Goal of the exercise:
For this exercise, transcribe every line of the material exactly and skip the pictures.
-- Opening Marker --
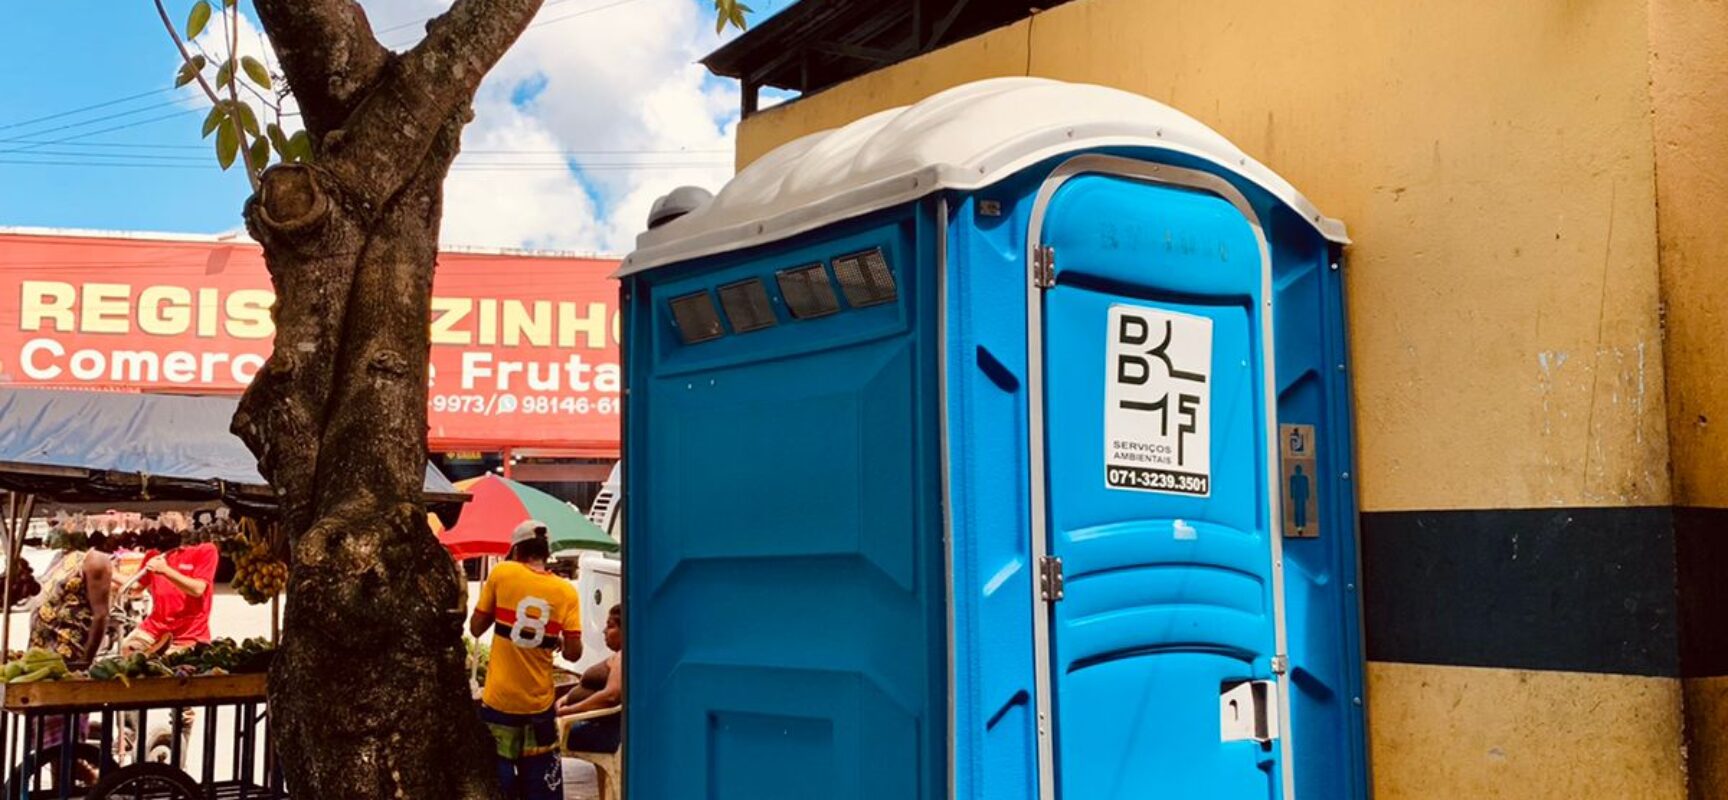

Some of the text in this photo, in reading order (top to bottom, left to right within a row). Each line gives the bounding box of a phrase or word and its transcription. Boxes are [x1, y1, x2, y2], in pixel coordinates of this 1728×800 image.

[430, 297, 620, 348] ZINH
[1113, 440, 1172, 454] SERVIÇOS
[1113, 451, 1172, 465] AMBIENTAIS
[1109, 469, 1207, 493] 071-3239.3501
[510, 596, 550, 649] 8
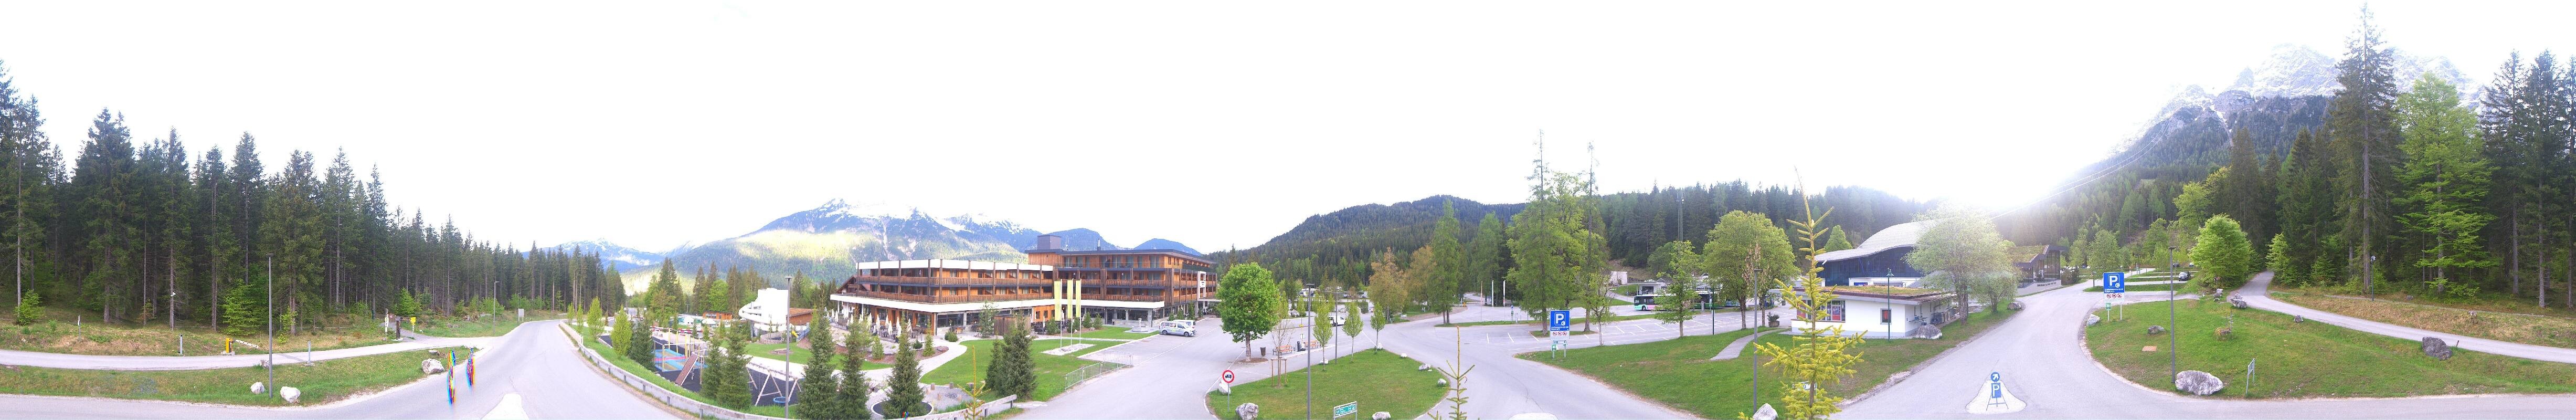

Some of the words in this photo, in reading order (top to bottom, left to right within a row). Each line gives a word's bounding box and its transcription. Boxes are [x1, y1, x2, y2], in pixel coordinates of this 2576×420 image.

[2109, 275, 2118, 286] P
[1555, 313, 1564, 324] P
[1992, 384, 2000, 397] P
-- Closing Marker --
Answer space:
Some of the text in this photo, in reading order (top to bottom, left to right within a row). Each line gives the bounding box of a phrase or word and its transcription. Boxes are [x1, y1, x2, y2], in pixel coordinates of this 1728×800 image.

[430, 297, 620, 348] ZINH
[1113, 440, 1172, 454] SERVIÇOS
[1113, 451, 1172, 465] AMBIENTAIS
[1109, 469, 1207, 493] 071-3239.3501
[510, 596, 550, 649] 8

Some of the words in this photo, in reading order (top to bottom, left to right within a row). Each line gives a word's bounding box and its transcription. Boxes are [x1, y1, x2, y2], in pixel coordinates of this 2576×420 image.

[2109, 275, 2118, 286] P
[1555, 313, 1564, 324] P
[1992, 384, 2000, 397] P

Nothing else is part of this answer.